Raja Simbat adalah korban pertama kekejaman fasisme Jepang di negeri Mandolokang, saat tentara negeri para ‘samurai’ itu mencengkram Sangihe Talaud sejak tahun 1942.
Enam tahun pemerintahan Raja Willem Philips Jacobz Simbat, kerajaan Tagulandang boleh dikata dalam keadaan yang muram diterpa dampak perang dunia II yang pecah sejak tanggal 1 September 1939.
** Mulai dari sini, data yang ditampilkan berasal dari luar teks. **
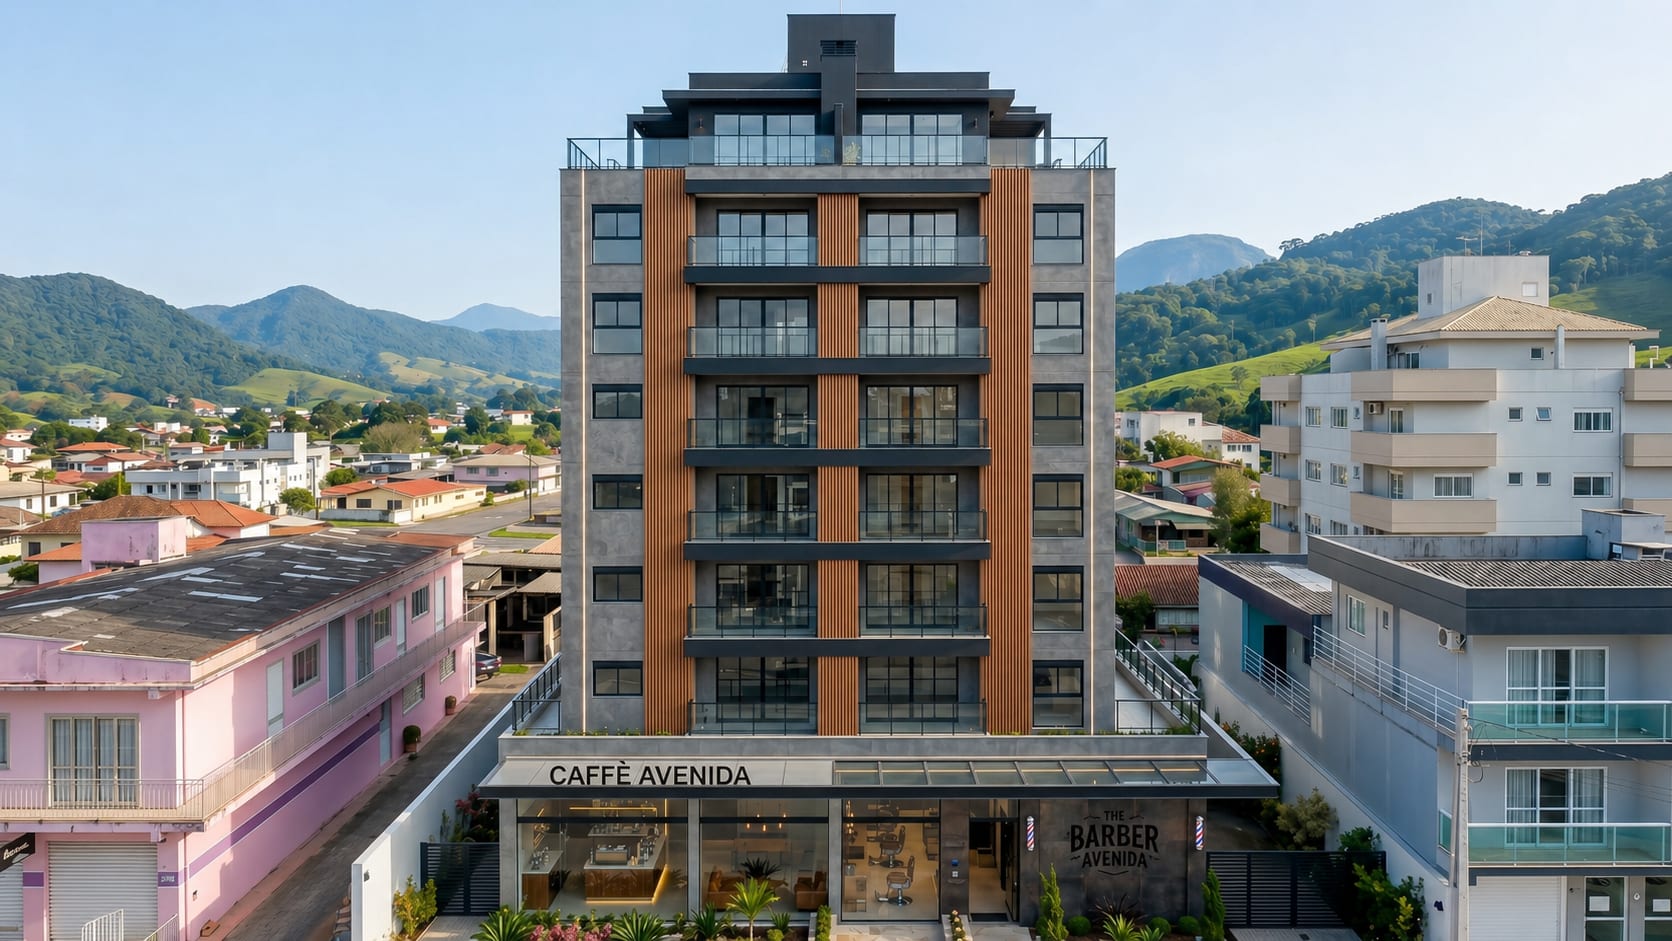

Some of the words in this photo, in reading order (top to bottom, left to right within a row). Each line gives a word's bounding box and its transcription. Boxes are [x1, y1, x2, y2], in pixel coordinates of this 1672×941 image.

Ketika harga kopra anjlok hingga tingkat terendah, ekonomi kerajaan Tagulandang benar-benar terpukul dan terpuruk. Apalagi, kerajaan kecil dengan penduduk 11.401 jiwa ini bergantung hidup pada sektor partanian terutama komoditas kelapa, tulis Adrianus Kojongian dalam artikelnya tentang kerajaan Tagulandang.
Penduduk Landschap Tagulandang ketika itu, sebagaimana catat Ensiklopedia Hindia-Belanda 1939 sebanyak 10.967 pribumi, 433 Cina, 1 timur asing (vreemde oosterling).
Untuk mengantisipasi kesulitan, kebijakan yang terbilang kontroversial pertama Raja Willem Philips Jacobz Simbat yaitu ‘Titah Raja’ di awal tahun 1939 yang melarang lebih dari sepuluh ribu penduduk kerajaan Tagulandang mengkonsumsi gula dan teh.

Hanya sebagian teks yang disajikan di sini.